Toutefois, de nombreuses incertitudes subsistent. L'exploration demande des investissements considérables. Les enjeux juridiques sont complexes, à la croisée du droit international, du droit minier et du droit environnemental. Les perspectives pour les outre-mer doivent être précisées.

Ce sont tous ces enjeux que je vous propose d'examiner dans le cadre de cette mission d'information.

La France dispose d'acteurs scientifiques, industriels et militaires de premier plan, que nous pourrons auditionner individuellement ou dans le cadre de tables rondes, de même que les ONG. Une dimension essentielle de cette mission sera, il me semble, de permettre la participation d'un large champ d'acteurs, à tous les niveaux - national, territorial et notamment ultramarin -, pour enrichir notre réflexion et parvenir, autant que possible, à des recommandations partagées par le plus grand nombre. Un vaste programme !

M. Michel Canévet, président. - Avez-vous des suggestions d'auditions que nous pourrions mener ?

M. Alain Cadec. - Nous pourrions rencontrer des représentants de la Compagnie maritime d'expertises (Comex).

M. Jean-Michel Houllegatte. - La Comex a été fondée par Henri Germain Delauze. Elle s'est diversifiée dans différents domaines, mais a conservé un département chargé de la maintenance des installations hyperbares.

Mme Vivette Lopez. - Il serait intéressant d'entendre Jean-Louis Étienne, qui prépare une mission d'exploration à bord du Polar Pod.

M. Philippe Folliot. - Le Polar Pod explorera l'Antarctique.

La Commission européenne a classé le gaz parmi les énergies vertes. Pourquoi la France n'a-t-elle pas renouvelé le permis d'exploration des gisements gaziers situés sous Juan de Nova ? Il faut interroger les responsables de cette décision pour comprendre leur stratégie. La loi Hulot, qui a fixé la date de 2040 pour achever toute exploitation d'hydrocarbures, prévoit une exception pour les permis en cours. Je siège au conseil consultatif des Terres australes et antarctiques françaises (TAAF) : nous avons rendu un avis, dont personne ne s'est préoccupé.

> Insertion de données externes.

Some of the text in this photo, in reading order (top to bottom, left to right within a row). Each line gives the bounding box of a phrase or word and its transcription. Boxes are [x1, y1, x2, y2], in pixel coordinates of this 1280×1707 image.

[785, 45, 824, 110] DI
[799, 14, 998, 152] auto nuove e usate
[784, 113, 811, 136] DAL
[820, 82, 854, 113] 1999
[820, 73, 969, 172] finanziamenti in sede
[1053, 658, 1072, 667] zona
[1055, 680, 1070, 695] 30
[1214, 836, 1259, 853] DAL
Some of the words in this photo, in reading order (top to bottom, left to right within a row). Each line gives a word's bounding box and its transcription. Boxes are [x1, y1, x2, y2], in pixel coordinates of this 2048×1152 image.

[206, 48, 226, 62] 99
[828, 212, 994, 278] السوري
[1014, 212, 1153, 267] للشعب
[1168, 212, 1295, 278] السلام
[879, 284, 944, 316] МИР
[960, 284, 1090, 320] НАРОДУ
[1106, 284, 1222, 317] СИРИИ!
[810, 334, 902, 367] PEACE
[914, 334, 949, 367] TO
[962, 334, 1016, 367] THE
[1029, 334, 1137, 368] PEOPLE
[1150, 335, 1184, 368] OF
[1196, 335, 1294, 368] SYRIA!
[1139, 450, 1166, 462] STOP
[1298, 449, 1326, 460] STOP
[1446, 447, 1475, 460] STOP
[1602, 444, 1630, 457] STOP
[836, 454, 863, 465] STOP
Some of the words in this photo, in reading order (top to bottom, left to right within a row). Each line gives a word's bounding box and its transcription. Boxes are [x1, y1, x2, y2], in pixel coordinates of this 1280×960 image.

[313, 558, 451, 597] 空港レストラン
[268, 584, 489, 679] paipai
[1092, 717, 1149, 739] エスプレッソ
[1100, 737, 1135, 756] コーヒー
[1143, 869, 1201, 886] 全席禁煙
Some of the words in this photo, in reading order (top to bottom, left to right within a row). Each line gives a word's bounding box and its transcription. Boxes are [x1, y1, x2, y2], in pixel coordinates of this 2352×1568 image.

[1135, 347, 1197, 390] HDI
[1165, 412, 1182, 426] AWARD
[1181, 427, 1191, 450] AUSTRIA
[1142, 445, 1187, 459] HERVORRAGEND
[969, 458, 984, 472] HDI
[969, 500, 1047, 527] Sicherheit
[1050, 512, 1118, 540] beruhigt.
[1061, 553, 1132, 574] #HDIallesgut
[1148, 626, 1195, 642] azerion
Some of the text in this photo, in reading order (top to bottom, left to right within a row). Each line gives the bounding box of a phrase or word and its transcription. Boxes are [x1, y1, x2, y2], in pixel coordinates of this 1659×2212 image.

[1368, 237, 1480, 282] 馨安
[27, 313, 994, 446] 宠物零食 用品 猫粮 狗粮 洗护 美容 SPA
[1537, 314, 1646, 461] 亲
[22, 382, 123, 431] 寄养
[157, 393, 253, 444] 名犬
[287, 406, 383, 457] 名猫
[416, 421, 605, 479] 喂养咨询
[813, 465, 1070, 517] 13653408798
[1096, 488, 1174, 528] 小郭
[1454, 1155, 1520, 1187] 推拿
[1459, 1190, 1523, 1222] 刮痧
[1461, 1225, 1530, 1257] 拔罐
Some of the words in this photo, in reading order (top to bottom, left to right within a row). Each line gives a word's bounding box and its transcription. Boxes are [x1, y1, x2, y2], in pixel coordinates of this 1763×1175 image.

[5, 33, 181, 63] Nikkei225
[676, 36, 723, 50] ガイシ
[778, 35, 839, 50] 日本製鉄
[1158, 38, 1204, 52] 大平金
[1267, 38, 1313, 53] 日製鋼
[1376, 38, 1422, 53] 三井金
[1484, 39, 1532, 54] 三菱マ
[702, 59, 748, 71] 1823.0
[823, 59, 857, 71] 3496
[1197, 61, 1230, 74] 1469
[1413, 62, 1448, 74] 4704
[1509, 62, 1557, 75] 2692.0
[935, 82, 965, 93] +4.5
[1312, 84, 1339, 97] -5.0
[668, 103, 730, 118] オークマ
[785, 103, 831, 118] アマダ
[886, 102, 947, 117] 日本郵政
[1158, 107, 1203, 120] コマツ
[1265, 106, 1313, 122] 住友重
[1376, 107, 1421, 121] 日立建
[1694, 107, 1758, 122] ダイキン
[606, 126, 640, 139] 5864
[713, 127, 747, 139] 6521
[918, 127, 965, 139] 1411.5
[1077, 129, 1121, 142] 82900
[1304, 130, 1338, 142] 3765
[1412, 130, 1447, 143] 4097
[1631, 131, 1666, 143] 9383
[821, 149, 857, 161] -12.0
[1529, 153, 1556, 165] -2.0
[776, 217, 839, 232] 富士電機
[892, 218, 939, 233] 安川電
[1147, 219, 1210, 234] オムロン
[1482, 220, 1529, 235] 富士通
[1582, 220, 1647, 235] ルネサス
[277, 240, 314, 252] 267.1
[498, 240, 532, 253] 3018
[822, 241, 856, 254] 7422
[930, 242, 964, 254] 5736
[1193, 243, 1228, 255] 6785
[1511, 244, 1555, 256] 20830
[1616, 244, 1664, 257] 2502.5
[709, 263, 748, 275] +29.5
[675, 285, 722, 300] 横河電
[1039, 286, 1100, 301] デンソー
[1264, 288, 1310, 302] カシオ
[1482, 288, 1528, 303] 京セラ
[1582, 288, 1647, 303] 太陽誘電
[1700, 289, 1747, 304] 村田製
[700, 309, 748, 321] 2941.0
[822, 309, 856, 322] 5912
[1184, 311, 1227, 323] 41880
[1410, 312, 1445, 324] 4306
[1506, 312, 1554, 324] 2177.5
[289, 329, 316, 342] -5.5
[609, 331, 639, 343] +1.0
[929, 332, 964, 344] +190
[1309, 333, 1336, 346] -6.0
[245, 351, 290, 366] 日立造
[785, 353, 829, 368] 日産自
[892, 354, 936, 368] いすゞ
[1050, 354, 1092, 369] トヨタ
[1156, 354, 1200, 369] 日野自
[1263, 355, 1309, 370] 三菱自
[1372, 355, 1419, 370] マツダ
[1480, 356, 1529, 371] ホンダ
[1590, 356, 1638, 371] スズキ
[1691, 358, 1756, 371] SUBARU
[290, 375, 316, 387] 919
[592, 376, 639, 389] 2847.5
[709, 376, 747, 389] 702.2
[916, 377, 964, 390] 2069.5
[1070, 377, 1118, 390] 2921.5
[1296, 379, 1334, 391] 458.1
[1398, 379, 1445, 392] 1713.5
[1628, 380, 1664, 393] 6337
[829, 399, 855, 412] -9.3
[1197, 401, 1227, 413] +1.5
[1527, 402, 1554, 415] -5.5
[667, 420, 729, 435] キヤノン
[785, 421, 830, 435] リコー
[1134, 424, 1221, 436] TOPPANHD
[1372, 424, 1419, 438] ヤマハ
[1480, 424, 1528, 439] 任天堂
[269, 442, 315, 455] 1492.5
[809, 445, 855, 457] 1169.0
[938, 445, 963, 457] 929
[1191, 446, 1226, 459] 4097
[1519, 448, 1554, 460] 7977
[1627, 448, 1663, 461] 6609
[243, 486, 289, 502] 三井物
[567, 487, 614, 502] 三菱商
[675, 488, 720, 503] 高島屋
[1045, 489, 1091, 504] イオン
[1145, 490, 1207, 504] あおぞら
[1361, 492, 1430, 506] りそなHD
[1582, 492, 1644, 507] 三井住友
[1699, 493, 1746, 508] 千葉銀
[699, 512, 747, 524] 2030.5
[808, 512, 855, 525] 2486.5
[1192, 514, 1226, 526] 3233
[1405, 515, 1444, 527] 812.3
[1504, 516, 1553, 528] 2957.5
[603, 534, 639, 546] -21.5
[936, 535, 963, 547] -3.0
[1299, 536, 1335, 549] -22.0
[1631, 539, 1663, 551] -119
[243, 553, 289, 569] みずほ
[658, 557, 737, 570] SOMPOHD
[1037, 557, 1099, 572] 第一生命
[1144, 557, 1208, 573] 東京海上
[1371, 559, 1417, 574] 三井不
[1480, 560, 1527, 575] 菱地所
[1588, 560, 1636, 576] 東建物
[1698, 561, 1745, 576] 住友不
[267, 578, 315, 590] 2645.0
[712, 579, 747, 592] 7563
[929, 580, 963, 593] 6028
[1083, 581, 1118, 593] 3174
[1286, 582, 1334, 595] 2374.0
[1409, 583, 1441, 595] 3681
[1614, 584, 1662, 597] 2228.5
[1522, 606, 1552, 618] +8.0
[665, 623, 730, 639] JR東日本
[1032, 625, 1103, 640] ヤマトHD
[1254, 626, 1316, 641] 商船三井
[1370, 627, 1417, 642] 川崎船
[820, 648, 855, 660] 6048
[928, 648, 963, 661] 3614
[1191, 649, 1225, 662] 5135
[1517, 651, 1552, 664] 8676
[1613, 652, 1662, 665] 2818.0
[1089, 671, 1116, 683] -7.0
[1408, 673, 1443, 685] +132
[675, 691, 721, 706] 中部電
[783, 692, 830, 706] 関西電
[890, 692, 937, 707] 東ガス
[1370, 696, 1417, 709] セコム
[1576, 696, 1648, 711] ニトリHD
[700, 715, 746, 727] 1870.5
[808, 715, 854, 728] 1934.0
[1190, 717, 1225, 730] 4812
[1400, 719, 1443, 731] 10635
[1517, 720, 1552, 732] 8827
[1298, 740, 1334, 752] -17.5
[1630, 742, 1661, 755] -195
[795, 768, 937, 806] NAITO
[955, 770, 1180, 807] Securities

Explorer n'est pas exploiter. Le canal du Mozambique est la mer du Nord du XXIsiècle. Total exploite un gisement gazier au Mozambique, et a d'ailleurs dû faire face à des problèmes de sécurité en raison des attaques de groupes islamistes : ce gisement est le même que celui qui est sous Juan de Nova.

M. Michel Canévet, président. - Il serait utile d'organiser une table ronde avec des entreprises concernées par l'exploitation des fonds sous-marins.

Pour les ONG, qui sont le plus souvent tournées vers la protection de ces fonds, je vous propose d'entendre Greenpeace, WWF et Bloom.

M. Teva Rohfritsch, rapporteur. - L'ONG Pew est particulièrement active dans le Pacifique, avec des méthodes d'ailleurs plus ou moins appréciées par les gouvernements.

M. Joël Guerriau. - La délégation sénatoriale aux outre-mer avait fait un rapport sur les ZEE qui mettait en lumière le problème du code minier. Ce code mériterait un certain nombre d'adaptations, notamment sur la question du respect de l'environnement s'agissant des fonds marins.

Il faut aussi se pencher sur la convention de Montego Bay : la Chine, qui est signataire de l'accord, ne le respecte pas, et les États-Unis qui ne sont pas signataires s'offusquent de cette situation... Des auditions, peut-être des ambassadeurs chinois et américain en France, nous permettraient d'y voir plus clair.

M. Teva Rohfritsch, rapporteur. - Le rapport sur les ZEE ultramarines date de 2014 : il faudra en tirer des enseignements, notamment sur les différentes règles de compétences en matière minière.

Nous pourrions organiser une visioconférence avec le Forum des îles du Pacifique, dont le nouveau secrétaire général est l'ancien premier ministre des îles Cook. Cela nous permettrait de connaître les pratiques de la Chine dans le grand Pacifique en matière non seulement de pêche, mais de plus en plus d'exploitation des fonds marins.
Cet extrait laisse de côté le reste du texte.